Há dois ou três anos escrevi um dossiê sobre o amor. Fez sucesso. Muita gente me pediu que o enviasse por e-mail, quando a revista eletrônica Fraude, onde fora publicado, saiu do ar. Pois então: há tempos este texto merece uma retratação.

Foi escrito em um momento de amargura, após uma rejeição. É uma pérola do ressentimento. Não sei nada sobre as pessoas que o encomendaram por e-mail, mas apostaria que todas estavam na mesma situação. Fato que, evidentemente, não o invalida completamente. Mais coisas interessantes já foram escritas sob efeito do ressentimento do que sob efeito da paixão.

O problema não é o diagnóstico. De fato, o amor é uma construção cultural, tão impermanente quanto qualquer outra. Um dia, desaparecerá − não o sentimento, mas o conceito. A idéia. O imaginário.

De fato, "as pessoas, quando falam em amor, em geral se referem ao problema de ser amado, não a amar". [citação não atribuída no texto anterior a Erich Fromm, aliás. Mas que picareta eu era!] De fato, há mais com que sonhar na vida, além de uma alma gêmea.

O problema é o ideal de racionalidade ou utilitarismo por trás do artigo. Seria muito agradável provar que apaixonar-se é uma idiotice, que, parafraseando o Barão de Itararé, "o amor é uma flor roxa que nasce no coração do trouxa". Mas não é. Ou, por outra, a paixão até é uma flor roxa, mas isso não tem a menor importância. É bonita.

Canalizar as energias amorosas para outros aspectos da vida pode ser muito interessante em determinados momentos, ou quando não se é alvo de uma paixão. Note-se que o termo "encontrar" uma paixão foi evitado. Ninguém encontra esse tipo de coisa, pois só quem procura acha. E nada pode ser mais temerário do que sair por aí procurando uma paixão.

A paixão com freqüência toma contornos patéticos, absurdos, até surrealistas. Um ser apaixonado gasta tempo e dinheiro com seu objeto de desejo. Arrisca outros aspectos da vida mais do que seria razoável. Alegra-se por qualquer migalha. É, a olhos racionais, um investimento que sempre dá prejuízo. A paixão é despesa improdutiva, na brilhante análise de Georges Bataille.

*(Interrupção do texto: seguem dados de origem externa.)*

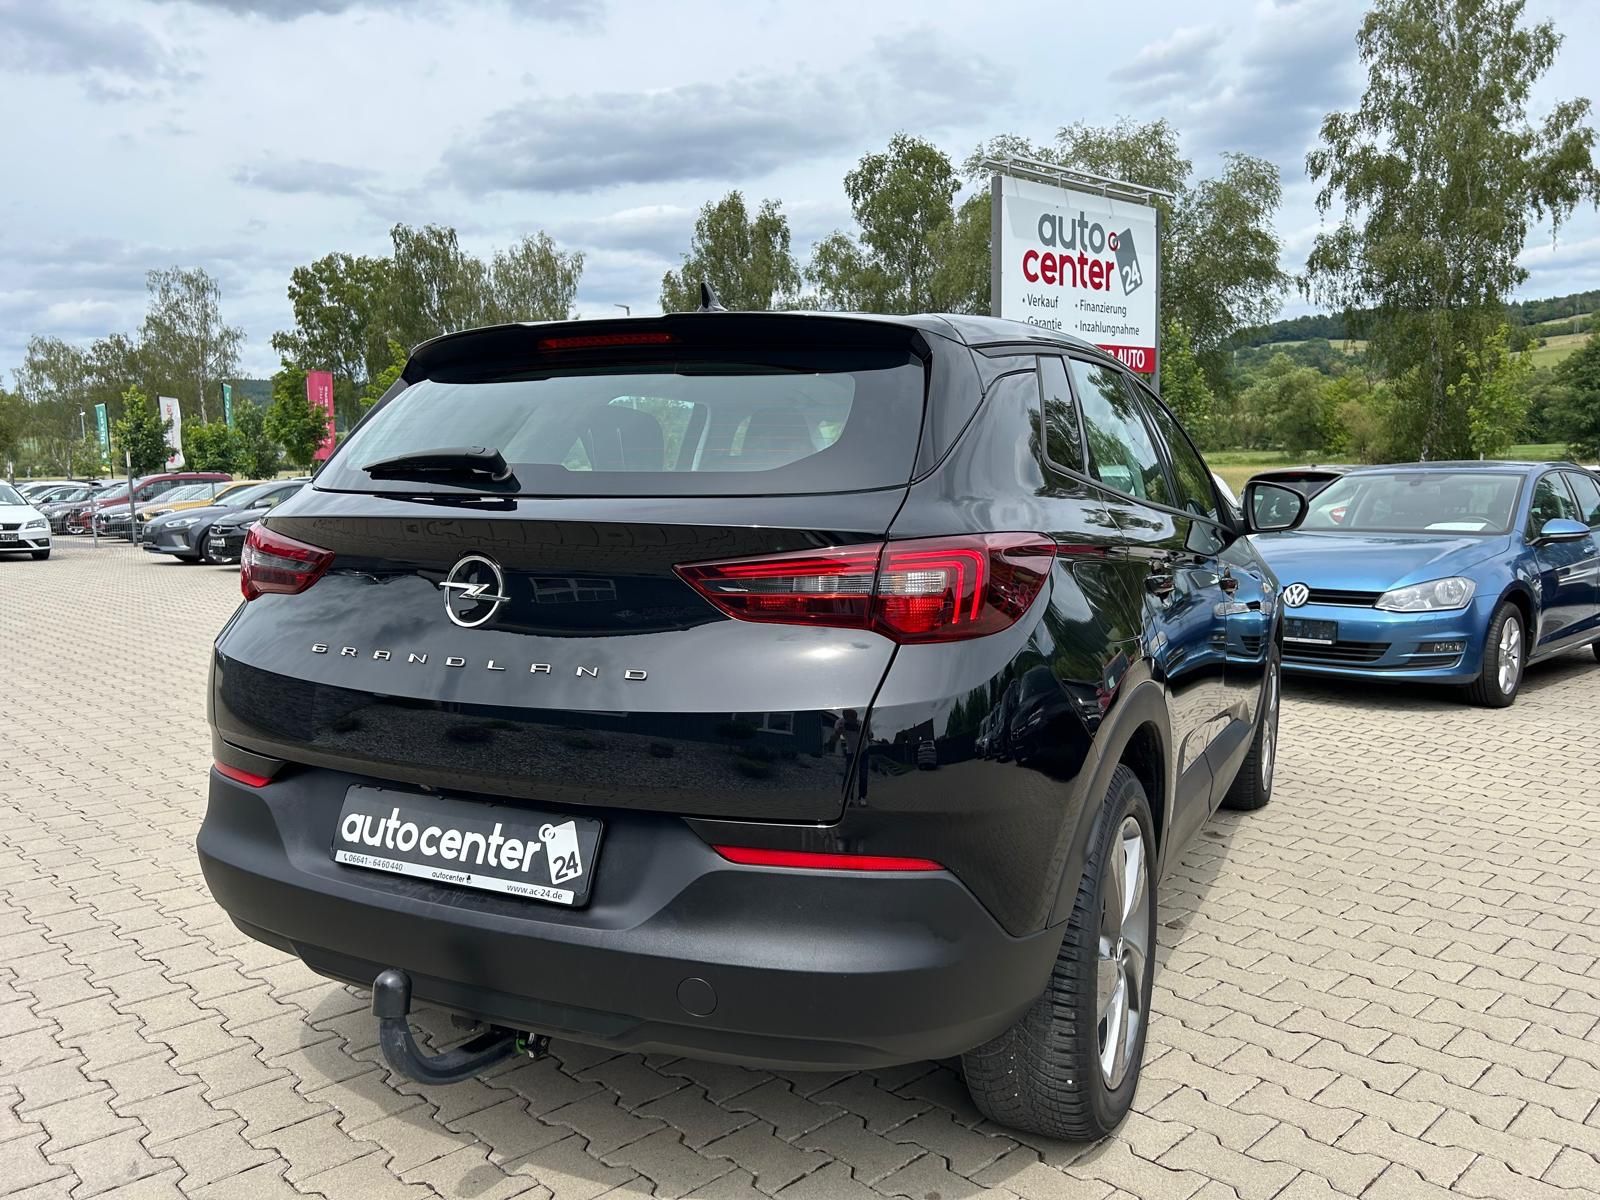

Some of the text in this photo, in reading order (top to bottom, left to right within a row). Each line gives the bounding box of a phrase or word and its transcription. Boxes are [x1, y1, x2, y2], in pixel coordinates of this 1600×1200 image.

[1038, 211, 1106, 254] auto
[1022, 249, 1115, 291] center
[1121, 259, 1141, 293] 24
[1027, 293, 1059, 309] Verkauf
[1080, 299, 1127, 318] Finanzierung
[1080, 320, 1140, 337] Inzahlungnahme
[1117, 348, 1146, 369] AUTO
[311, 643, 648, 681] GRANDLAND
[341, 807, 541, 873] autocenter
[431, 870, 466, 883] autocenter
[552, 850, 579, 880] 24
[506, 884, 563, 900] www.ac-24.de

Pesquisas empíricas provam, entretanto, que juntar-se a outra pessoa por amizade, afinidade de caráter, conveniência, ou simples falta de coisa melhor para fazer, no máximo funciona. Mas funciona, assim, de uma maneira insípida. Há muita gente que consegue levar muito adiante um amor como este, casar-se, ter filhos, fazer uma vida. Isto é ótimo.

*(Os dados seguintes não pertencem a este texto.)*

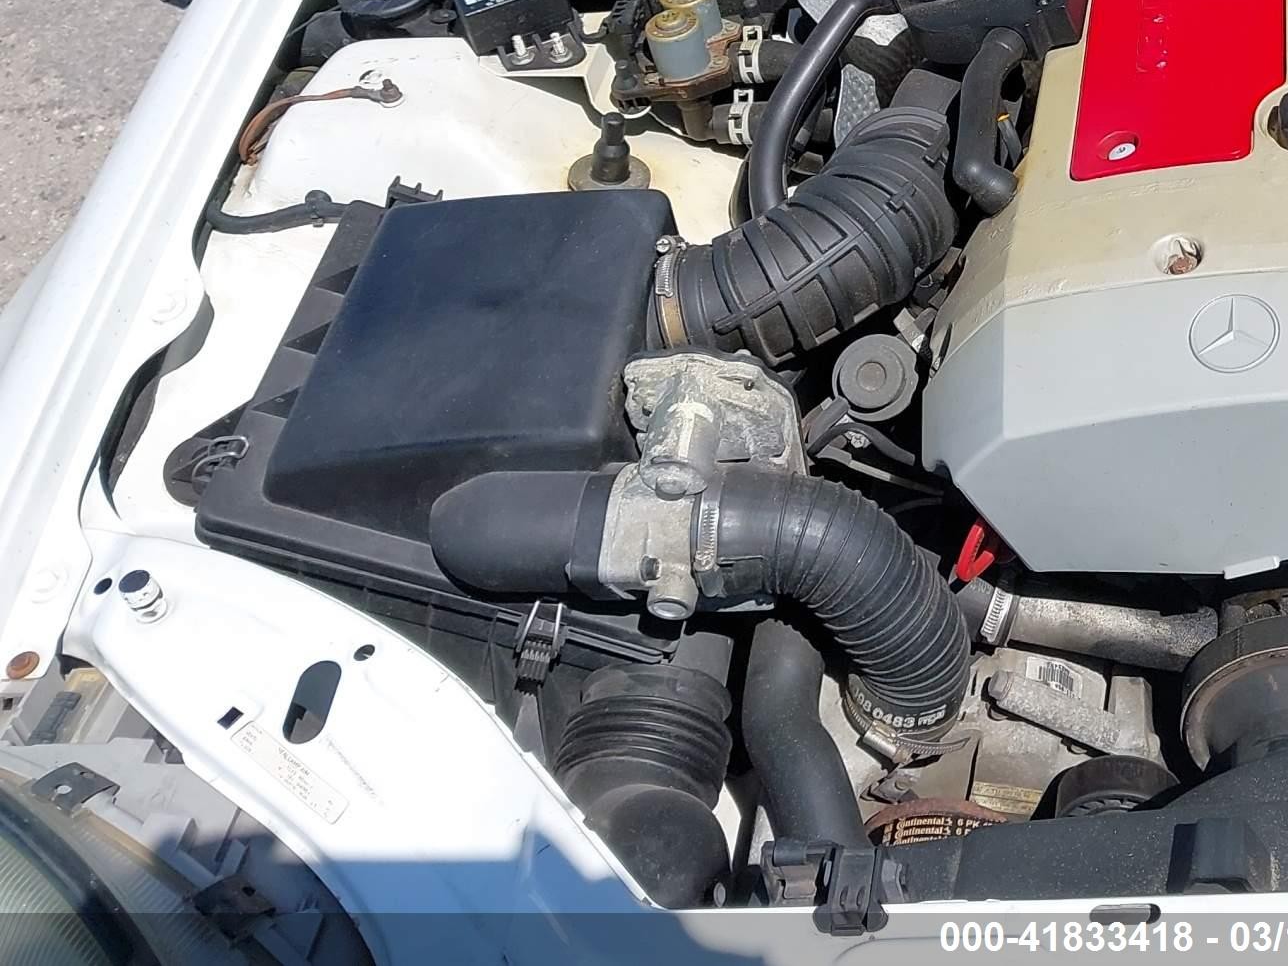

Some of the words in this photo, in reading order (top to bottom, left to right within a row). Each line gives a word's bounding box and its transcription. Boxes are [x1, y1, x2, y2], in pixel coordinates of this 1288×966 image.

Mas, ora bolas, vejam vocês, comigo não adianta. Logo comigo, defensor de primeira hora de todo tipo de racionalismo. Muito interessantes as coisas que se pode descobrir observando o próprio comportamento. No fundo, dou tanta, mas tanta importância à paixão, que prefiro criar toda uma teoria a respeito de como ela é idiota a ter de encarar uma vida sem este sentimento.

Bem, crianças, esta foi a lição de hoje de Ah, se as pessoas soubessem como se fazem a ciência e as salsichas!. Até o próximo programa. Peço desculpas por quaisquer transtornos causados pelo artigo anterior.